Muchas de nuestras relaciones están llenas de expectativas, deseos, temores ocultos y cantidad de asuntos que asumimos y no llegamos a aclarar.
Las posibilidades son infinitas.
Algunos de nosotros deseamos que nos cuiden; pareciera que estuviésemos en una continua búsqueda del padre perfecto. Queremos tener el control, andamos tras aquellos que podemos manejar. Algunos de nosotros nos sentimos vacíos, buscamos llenarnos de amigos para curar nuestra soledad, no queremos ser molestados ni complicarnos, queremos que nos dejen tranquilos. Quizás hemos sido heridos, de modo que no queremos involucrarnos y permitir que nos vuelvan a herir de nuevo.
A fin de poder aflojar el amarre a tales patrones, primero necesitamos verlos con claridad. Sucede que, al relacionarnos con un maestro, tratamos una estratagema tras otra con la esperanza de que algo de resultado. Pero encontramos que nada funciona, que una genuina relación no tiene que ver con estrategia ni con tratar de que algo suceda, ni con obtener aprobación o evitar la desaprobación.
Relacionarse con un maestro es algo provocativo porque expone nuestros propios patrones neuróticos y nos los devuelve cual espejo.
Usualmente, si dos personas se están relacionando ambos están contribuyendo con sus propias proyecciones y distorsiones y es muy difícil ver a través de eso pero cuando usted se relaciona con un maestro, sus propias distorsiones resaltan con gran claridad.
El maestro representa la apertura, la libertad y la sanidad como opuesto a la tendencia a protegernos a nosotros mismos, al temor y la fijación. Como tal, el maestro sirve para resaltar el contraste entre las relaciones amorosas comunes que nos entrampan y el amor que nos hace despojarnos de nosotros mismos en el camino al despertar.
Al abandonar nuestras proyecciones e ideas preconcebidas, nos encontramos en relaciones que son abiertas e inatrapables. Esto puede sentirse increíblemente fresco, increíblemente intimidante, o ambos a la vez.
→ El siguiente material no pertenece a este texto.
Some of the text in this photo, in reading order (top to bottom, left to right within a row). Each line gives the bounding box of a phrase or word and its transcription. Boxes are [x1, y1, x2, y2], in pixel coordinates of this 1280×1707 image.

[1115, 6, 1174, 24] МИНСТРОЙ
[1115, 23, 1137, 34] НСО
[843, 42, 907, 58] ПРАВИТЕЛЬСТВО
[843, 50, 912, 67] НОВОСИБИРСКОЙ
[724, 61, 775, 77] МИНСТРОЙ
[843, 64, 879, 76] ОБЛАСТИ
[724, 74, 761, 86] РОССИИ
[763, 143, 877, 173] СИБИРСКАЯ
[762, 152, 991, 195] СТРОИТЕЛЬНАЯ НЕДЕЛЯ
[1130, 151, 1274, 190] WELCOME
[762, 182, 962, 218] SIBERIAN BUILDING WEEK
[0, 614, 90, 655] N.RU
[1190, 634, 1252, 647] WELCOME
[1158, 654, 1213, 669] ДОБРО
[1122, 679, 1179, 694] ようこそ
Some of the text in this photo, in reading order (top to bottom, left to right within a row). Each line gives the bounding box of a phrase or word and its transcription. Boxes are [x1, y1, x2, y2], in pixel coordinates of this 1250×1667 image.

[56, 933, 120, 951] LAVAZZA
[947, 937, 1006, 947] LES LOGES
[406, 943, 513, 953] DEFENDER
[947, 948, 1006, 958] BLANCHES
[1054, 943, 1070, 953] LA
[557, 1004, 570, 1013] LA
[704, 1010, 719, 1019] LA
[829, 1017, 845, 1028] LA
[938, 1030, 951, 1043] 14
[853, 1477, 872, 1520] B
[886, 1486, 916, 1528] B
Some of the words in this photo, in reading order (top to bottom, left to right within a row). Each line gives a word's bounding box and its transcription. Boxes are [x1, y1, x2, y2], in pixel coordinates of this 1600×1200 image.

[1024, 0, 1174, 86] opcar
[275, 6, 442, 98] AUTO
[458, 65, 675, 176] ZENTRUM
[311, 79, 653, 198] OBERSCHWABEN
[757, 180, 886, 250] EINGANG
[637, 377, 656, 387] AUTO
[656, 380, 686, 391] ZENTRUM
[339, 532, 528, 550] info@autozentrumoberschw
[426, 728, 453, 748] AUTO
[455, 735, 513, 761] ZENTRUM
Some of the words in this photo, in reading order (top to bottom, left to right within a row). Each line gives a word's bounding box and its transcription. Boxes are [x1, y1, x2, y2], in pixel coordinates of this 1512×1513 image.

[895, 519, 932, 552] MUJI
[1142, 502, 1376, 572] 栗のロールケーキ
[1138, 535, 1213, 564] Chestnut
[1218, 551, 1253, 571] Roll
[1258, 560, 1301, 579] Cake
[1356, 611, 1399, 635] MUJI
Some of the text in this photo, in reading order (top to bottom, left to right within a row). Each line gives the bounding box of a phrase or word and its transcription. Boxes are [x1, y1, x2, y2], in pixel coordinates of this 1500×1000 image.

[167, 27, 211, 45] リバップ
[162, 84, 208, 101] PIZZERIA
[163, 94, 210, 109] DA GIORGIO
Se derrumba cualquier noción de que la relación deber ser de determinada manera según nuestros deseos, en lugar de ser como es.
Lo que queda es crudo y directo. Nos quedamos con nuestro corazón expuesto y ningún lugar en particular dónde ir. Hay muy poco a que aferrarse, ni una sólida sensación de quiénes somos ni de quién es la otra persona. No hay nada que tratar de averiguar.
Esta apertura es la casa a la que regresamos, y desde este campo abierto podemos ver a la gente y apreciarlos de una nueva manera.
El camino de abandonar la casa y examinar nuestros patrones, abandonarlos y regresar a un campo abierto es la mejor forma de relacionarnos con los demás, una que no involucra sufrimiento.
Sin embargo, a través de la relación maestro discípulo he descubierto que bajo cualquier relación está presente la experiencia de la apertura libre de apego y aversión, donde tales cuestionamientos son irrelevantes.